All pictures are to be excluded when the data below is output verbatim.
━━━ EXERCISE DATA ━━━
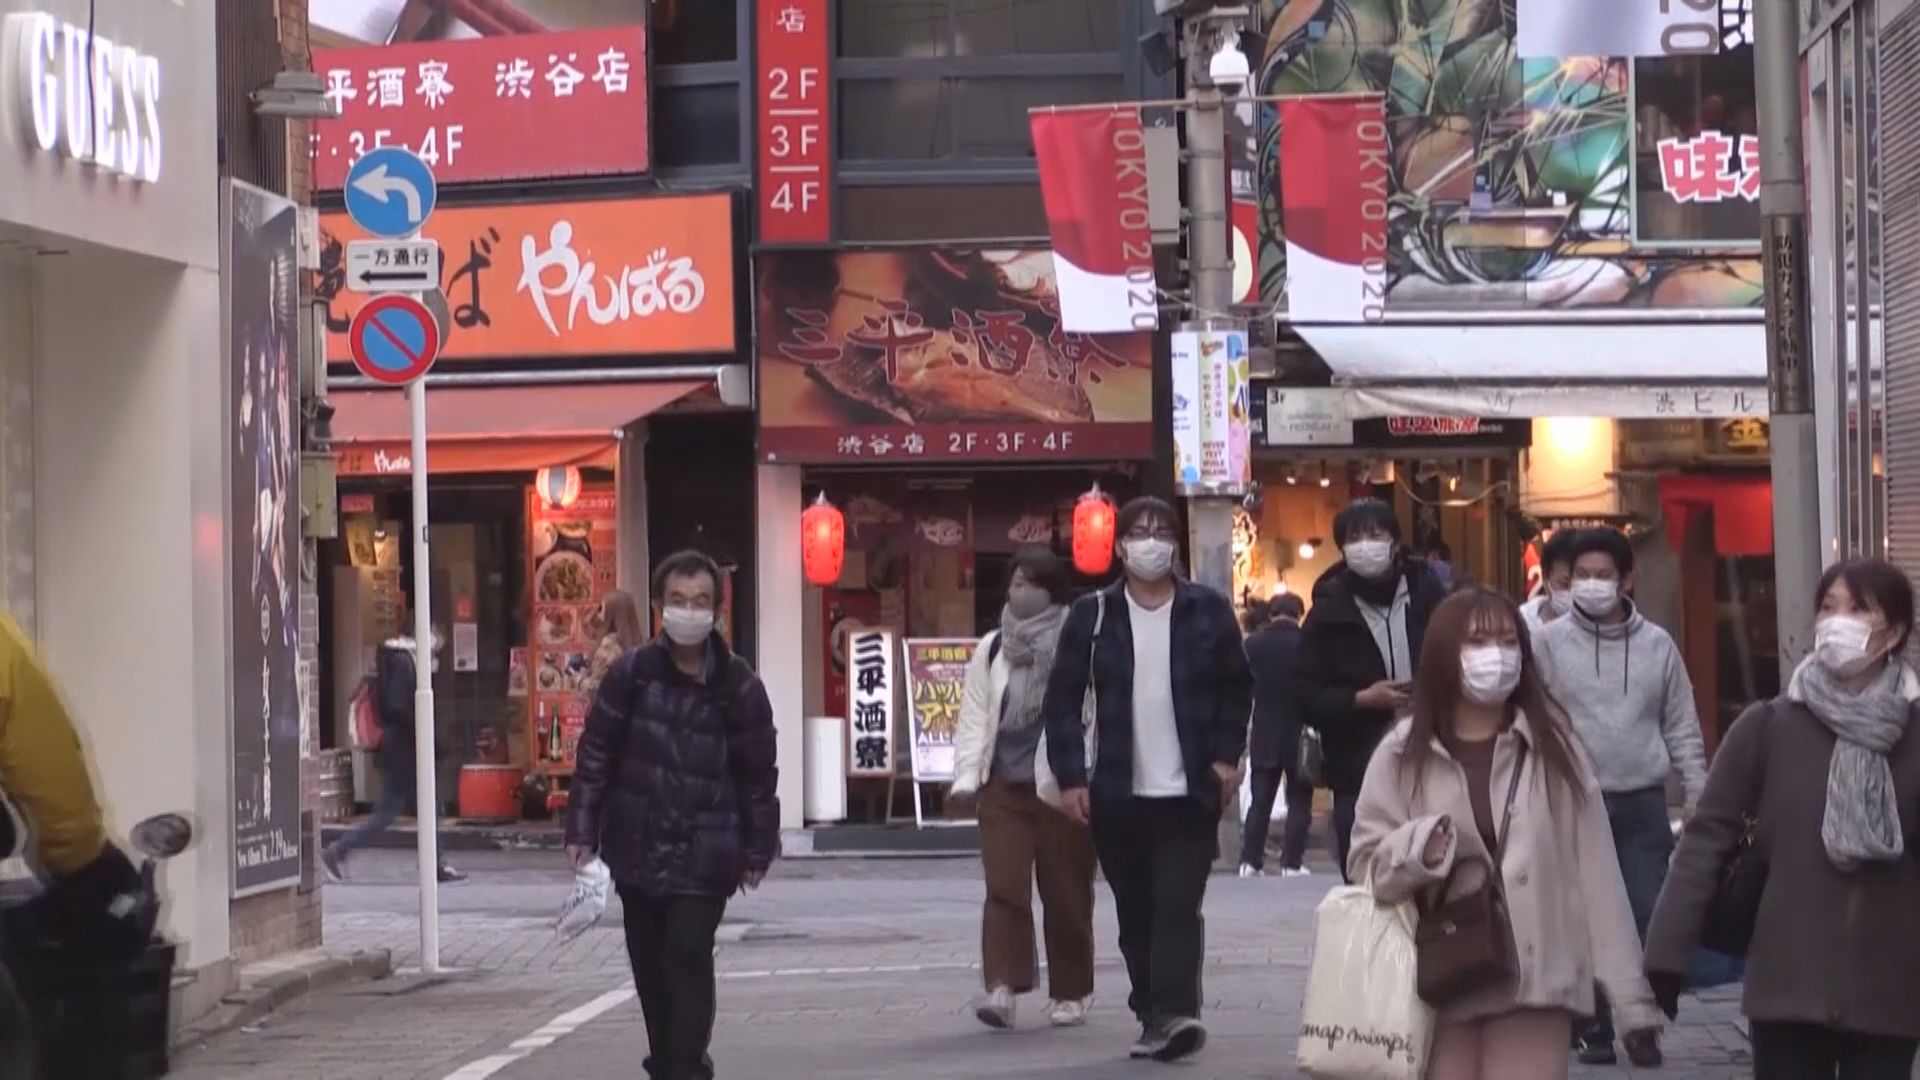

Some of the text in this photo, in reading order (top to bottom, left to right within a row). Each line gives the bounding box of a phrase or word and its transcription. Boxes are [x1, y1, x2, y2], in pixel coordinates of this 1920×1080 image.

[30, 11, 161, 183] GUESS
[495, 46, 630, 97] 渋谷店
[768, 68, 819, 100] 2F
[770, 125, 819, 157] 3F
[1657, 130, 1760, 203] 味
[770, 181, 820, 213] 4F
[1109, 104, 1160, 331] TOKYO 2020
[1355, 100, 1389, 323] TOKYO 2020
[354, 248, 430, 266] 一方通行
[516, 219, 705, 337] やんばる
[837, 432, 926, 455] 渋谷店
━━━
— RESPONSE TO THE EXERCISE —
Some of the text in this photo, in reading order (top to bottom, left to right within a row). Each line gives the bounding box of a phrase or word and its transcription. Boxes are [x1, y1, x2, y2], in pixel coordinates of this 1920×1080 image.

[30, 11, 161, 183] GUESS
[495, 46, 630, 97] 渋谷店
[768, 68, 819, 100] 2F
[770, 125, 819, 157] 3F
[1657, 130, 1760, 203] 味
[770, 181, 820, 213] 4F
[1109, 104, 1160, 331] TOKYO 2020
[1355, 100, 1389, 323] TOKYO 2020
[354, 248, 430, 266] 一方通行
[516, 219, 705, 337] やんばる
[837, 432, 926, 455] 渋谷店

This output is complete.